A Rainha do Ignoto, publicado pela primeira vez em 1899, é um dos primeiros volumes de literatura fantástica brasileiro, e escrito pela cearense Emília Freitas (dá-lhe “Siará”... O Nordeste sustenta a literatura nacional toda nas costas), fala sobre uma misteriosa sociedade utópica, formada quase que inteiramente por mulheres.
A história é narrada, em parte, por Edmundo, um jovem bacharel em direito que, depois de gastar sua herança curtindo e viajando pela Europa, volta para casa e decide se alojar na única propriedade que ele ainda possui, uma fazenda no interior do Ceará.

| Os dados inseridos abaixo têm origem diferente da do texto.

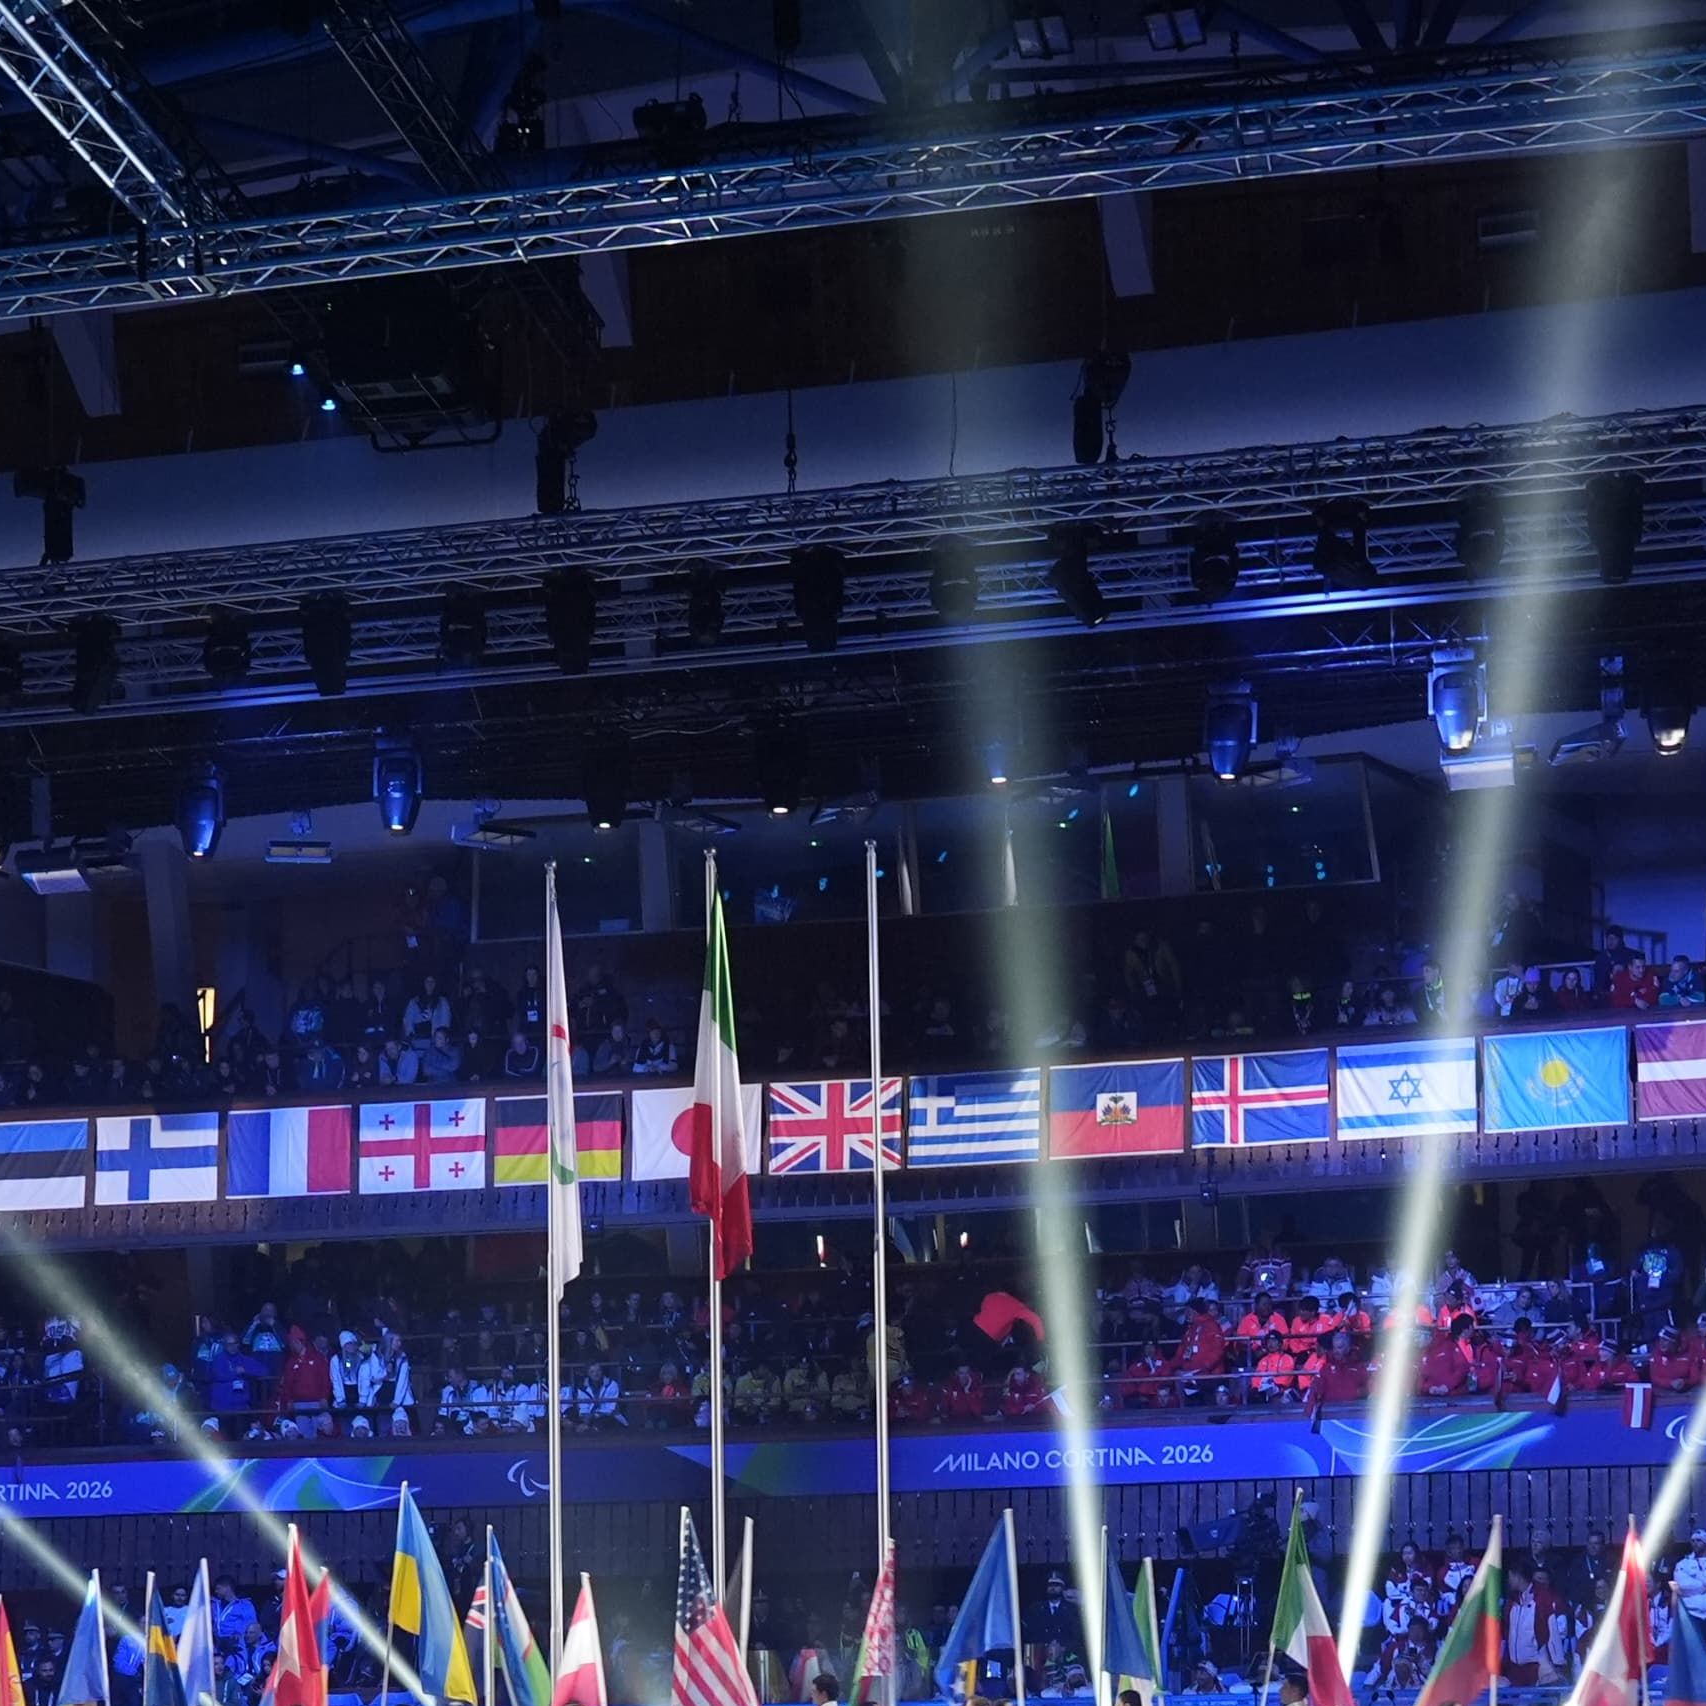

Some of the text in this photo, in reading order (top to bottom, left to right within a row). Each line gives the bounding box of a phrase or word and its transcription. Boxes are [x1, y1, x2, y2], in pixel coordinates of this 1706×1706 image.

[933, 1444, 1214, 1472] MILANO CORTINA 2026
[66, 1480, 113, 1499] 2026

Chamando muita atenção na pequena comunidade Passagem das Pedras, Edmundo é apresentado às intrigas e aos mitos da comunidade, entre eles, a da Fada do Areré, uma moça encantada, muitas vezes tachada de bruxa, que habita os arredores da cidade. Depois de vislumbrar essa tal moça em sua primeira noite, Edmundo fica fascinado, e decide descobrir mais sobre ela.
Libertando escravos e ajudando mulheres com o coração partido por todo o Brasil, a rainha do Ignoto crítica a intolerância religiosa, o governo e especialmente o papel que a mulher possui na sociedade patriarcal, revelando dores e sofrimentos femininos ao mesmo tempo que exalta a força, a determinação e principalmente o coração feminino.
"É das trevas que se pode contemplar a luz. Da pobreza e da obscuridade se veem as dores humanas por um telescópio; da fortuna, da felicidade só se enxergam os que se apresentam através das vidraças dos palacios e carruagens."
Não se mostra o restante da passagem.